I had spent nearly every Saturday from November-March at a local ski hill, since I was in 1st grade. One of my friend's dad had been on the volunteer ski patrol for ages and talked me into joining as a Jr Patrol Candidate. The "Outdoor Emergency Care Technician" course by AAOS was based on the EMT course and met the DOT requirements. This gave me a foot in the door to expand my medical knowledge base and allowed me to network with other healthcare professionals.

The ski hill medical program director, was an ER physician and fellow patrolman, graciously offered to allow me to shadow him in ER. Through ny high school, I was able to secure a "school to work" internship at the ER, and was able to collect both school "elective" credits, and could rack up community service hours for my Senior project. I had completed all of the required classes at the school, and simply needed credit hours to graduate.

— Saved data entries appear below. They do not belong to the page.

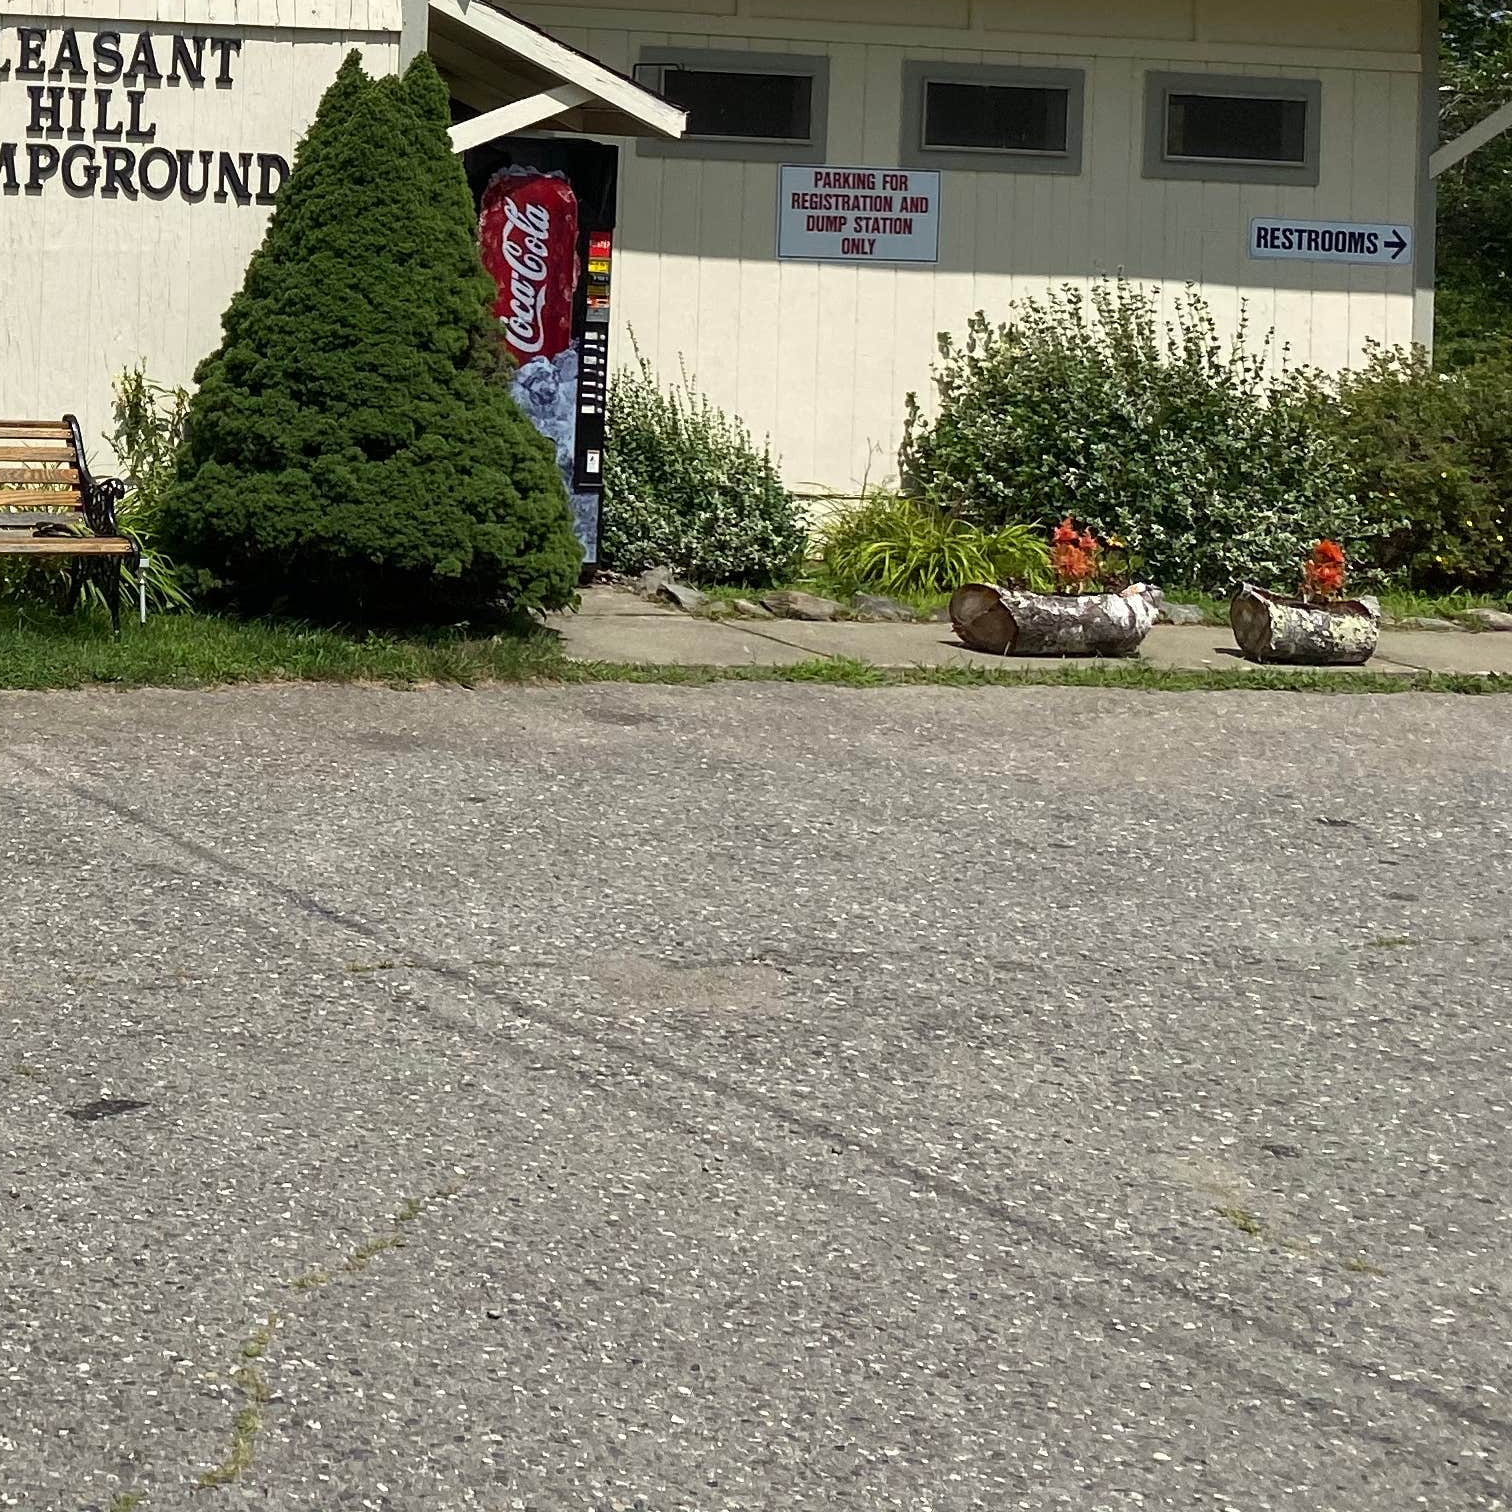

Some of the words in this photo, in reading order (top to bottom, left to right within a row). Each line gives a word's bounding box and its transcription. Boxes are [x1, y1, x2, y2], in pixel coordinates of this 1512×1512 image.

[26, 85, 156, 141] HILL
[814, 171, 876, 190] PARKING
[882, 174, 909, 191] FOR
[791, 192, 893, 213] REGISTRATION
[899, 196, 929, 213] AND
[806, 214, 847, 233] DUMP
[853, 216, 913, 235] STATION
[841, 237, 876, 255] ONLY
[1256, 226, 1379, 255] RESTROOMS

A few weeks into this, I realized the really interesting cases were coming in via the ALS ambulance service, so I approached the company and the school to see about ambulance ridealongs. The fall and winter of my senior year were spent M-F 8-5 on the Ambulance, and a mixture of weekends at the ski hill or the ER. During this time a First Responder (now called Emergency Medical Responder) class became available, so I took that class, as I hadn't graduated school yet so was ineligible for EMT.

I logged over 1,000 community service hours between the internships, ski patrol and fire department, and qualified for and won the Presidential Freedom Scholarship for Volunteering. These experiences gave me a laser focused plan on what direction I wanted to go after graduation.

I took my official EMT class that fall of 2004. Since that time I have worked or interned in many styles of EMS Systems: Fire based transport, Fire based first response, Private for profit, Private non-profit, Industrial non-transport at an underground Zinc mine, BLS event standby, BLS non-emergent transfer, ALS rendezvous, and even some time doing wheelchair van/Cabulance. I have been in and out of the industry a couple times, but have been active this time since 2009 when I began a degree track Paramedic school, and am currently a Paramedic Battalion Chief for a rural Fire department that transports 50+ minutes to critical access hospitals and 90 minutes to a Level II Trauma center.

I was a total nerd in high school, and didn't really fit in. I found a camaraderie and friends in Fire/EMS that I didn't have with school. That being said, the others are absolutely right, you only get to do high school once. You have your whole life to enjoy a career of your choosing.

Lastly, academically, push your self in the sciences, a functional understanding of Biology, Chemistry, Psychology, Communication and English Composition are tools you will use everyday as a Paramedic.